- _TASK GOAL_: Copy the lines below exactly. No picture goes into the copy.

- _DATA RECORDS_:

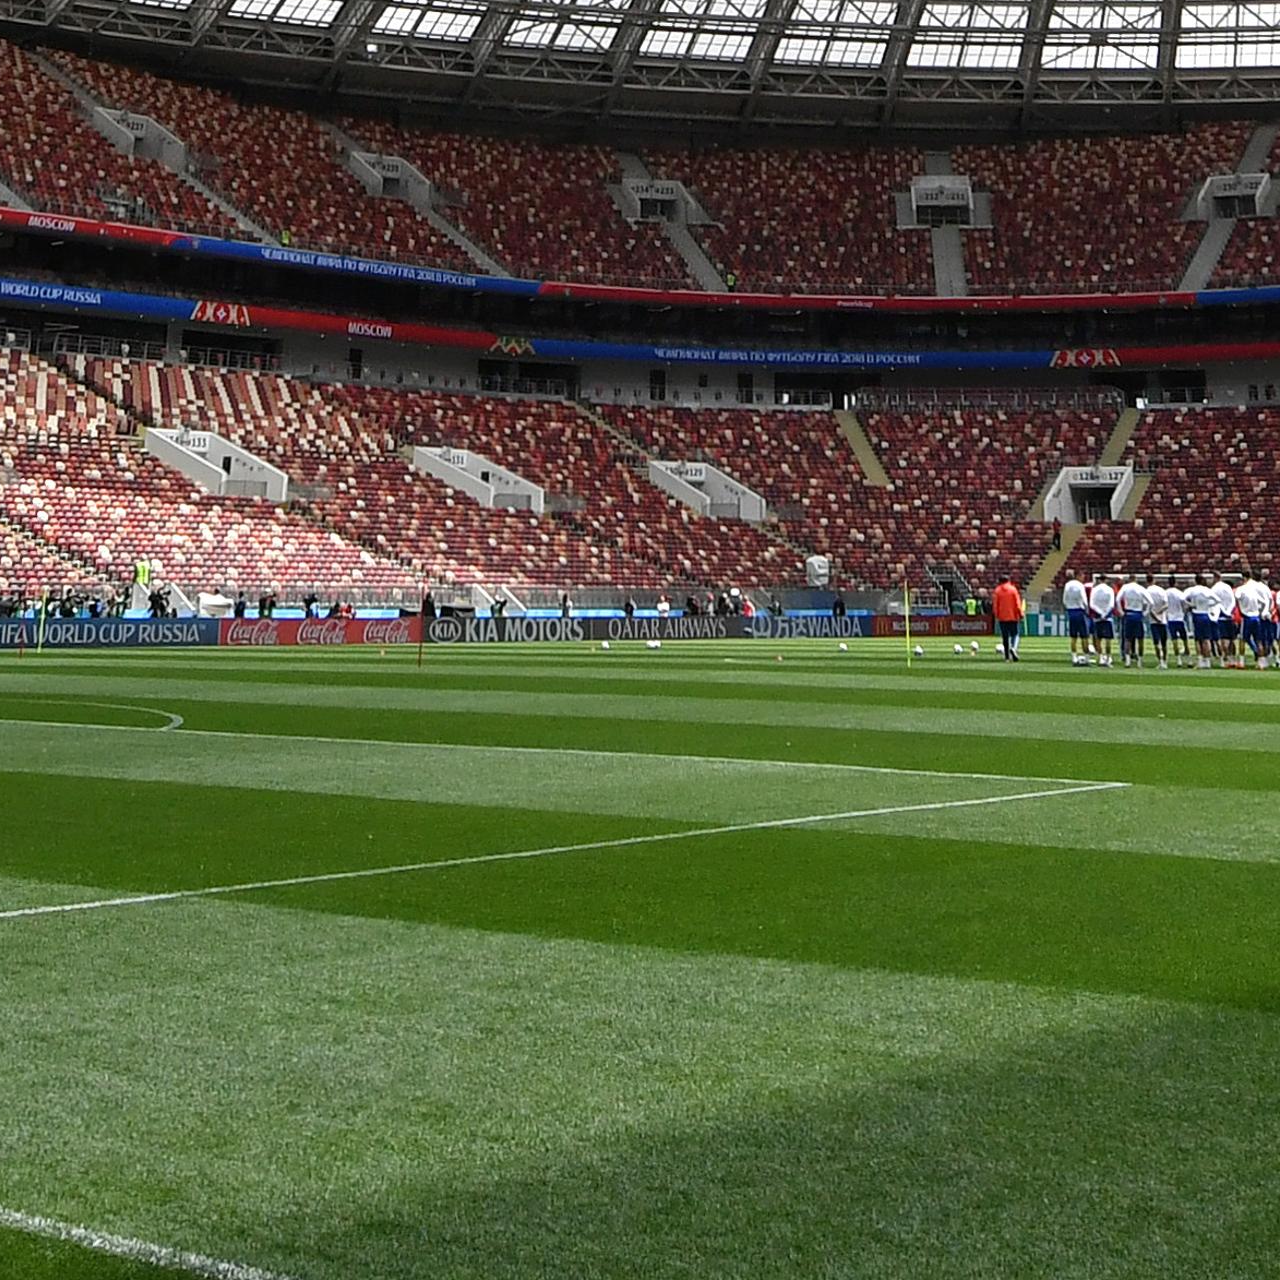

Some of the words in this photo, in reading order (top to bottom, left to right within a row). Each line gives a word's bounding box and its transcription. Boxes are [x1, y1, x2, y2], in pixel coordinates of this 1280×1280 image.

[28, 215, 76, 232] MOSCOW
[1, 281, 39, 297] WORLD
[39, 285, 63, 299] CUP
[63, 288, 102, 304] RUSSIA
[348, 321, 393, 338] MOSCOW
[33, 624, 96, 644] WORLD
[99, 624, 136, 644] CUP
[138, 624, 200, 644] RUSSIA
[432, 623, 459, 639] KIA
[465, 619, 499, 641] KIA
[504, 618, 584, 641] MOTORS
[608, 618, 660, 640] QATAR
[663, 617, 726, 638] AIRWAYS
[806, 617, 861, 636] WANDA

- _TASK OUTPUT_:
Some of the words in this photo, in reading order (top to bottom, left to right within a row). Each line gives a word's bounding box and its transcription. Boxes are [x1, y1, x2, y2], in pixel coordinates of this 1280×1280 image.

[28, 215, 76, 232] MOSCOW
[1, 281, 39, 297] WORLD
[39, 285, 63, 299] CUP
[63, 288, 102, 304] RUSSIA
[348, 321, 393, 338] MOSCOW
[33, 624, 96, 644] WORLD
[99, 624, 136, 644] CUP
[138, 624, 200, 644] RUSSIA
[432, 623, 459, 639] KIA
[465, 619, 499, 641] KIA
[504, 618, 584, 641] MOTORS
[608, 618, 660, 640] QATAR
[663, 617, 726, 638] AIRWAYS
[806, 617, 861, 636] WANDA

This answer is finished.